En harmonie ils échangent de place, et c’est à présent le bouclé qui se retrouve dos sur le matelas. Le plus jeune bien ancré, les jambes de part et d’autre de ses cuisses alors que les baisers ne cessent qu’après encore quelques secondes. Il descend un peu dans le cou, profite de ce dernier instant de calme relatif. La tension grandit pourtant depuis tout à l’heure, des gestes moins lents mais tout aussi langoureux. Il se redresse une main sur le torse pour le maintien. Ils ont chaud. Les corps brillent déjà de cette fine pellicule de sueur. Une salinité qui le pousse à passer sa langue sur ses lèvres. Tout pour rendre fou. De son autre main, qui tient toujours le lubrifiant, il l’ouvre. Et se recule un peu plus, décroche son regard pour le porter plus bas. Un sourire s’esquisse alors qu’il verse un peu du contenu du tube dans la paume de sa main. Un peu frais. Plus que sa peau, en tout cas. Et quand ça sera à son tour, il devrait sentir encore plus de différence de température. Comme toujours, les pas, les étapes s’enchaînent aisément. Et c’est sa main qui enveloppe bientôt Andreï, relevant un instant la tête, observant avec avidité ses réactions ; furtives certes, ça n’est que sa main, mais tout aussi délectables. Il s’applique à bien répartir le produit, ça n’en sera que plus agréable pour tout le monde – surtout pour lui –, non sans une bonne dose de sensualité parce qu’il devine presque parfaitement les effets qu’il engendre.
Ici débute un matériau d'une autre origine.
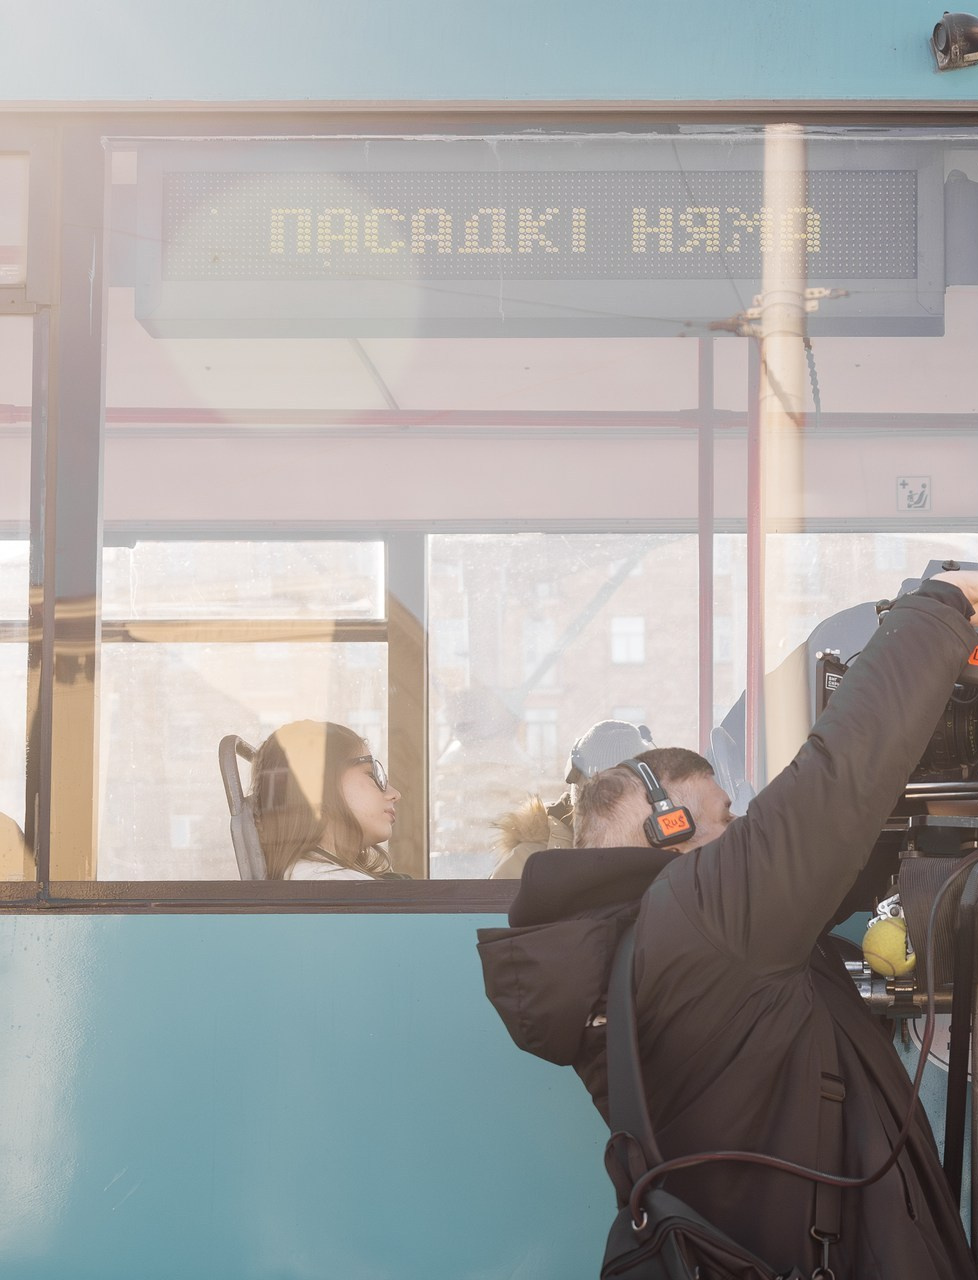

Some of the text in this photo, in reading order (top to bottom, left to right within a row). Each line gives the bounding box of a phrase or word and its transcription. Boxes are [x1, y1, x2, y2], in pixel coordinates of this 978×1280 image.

[270, 207, 822, 255] ПАСАДКІ НЯМА
[659, 801, 669, 811] 2
[662, 815, 686, 830] Rus
Continuant ses gestes précis plus bas, il se penche au-dessus de lui, ravi une fois de plus de le surplomber. Incapable de résister, Ambroise vient chercher un baiser, appuyé sur un bras pour sauvegarder l’espace entre eux et son activité, mais il y met toute l’envie qu’il ressent. Leurs intimités viennent se toucher, implacablement, et il gémit légèrement contre sa bouche. Son mouvement de hanche le fait soupirer, alors qu’un nouveau baiser capture ses lèvres. Dernier mouvement de sa main, si proche. Il a tellement envie de lui.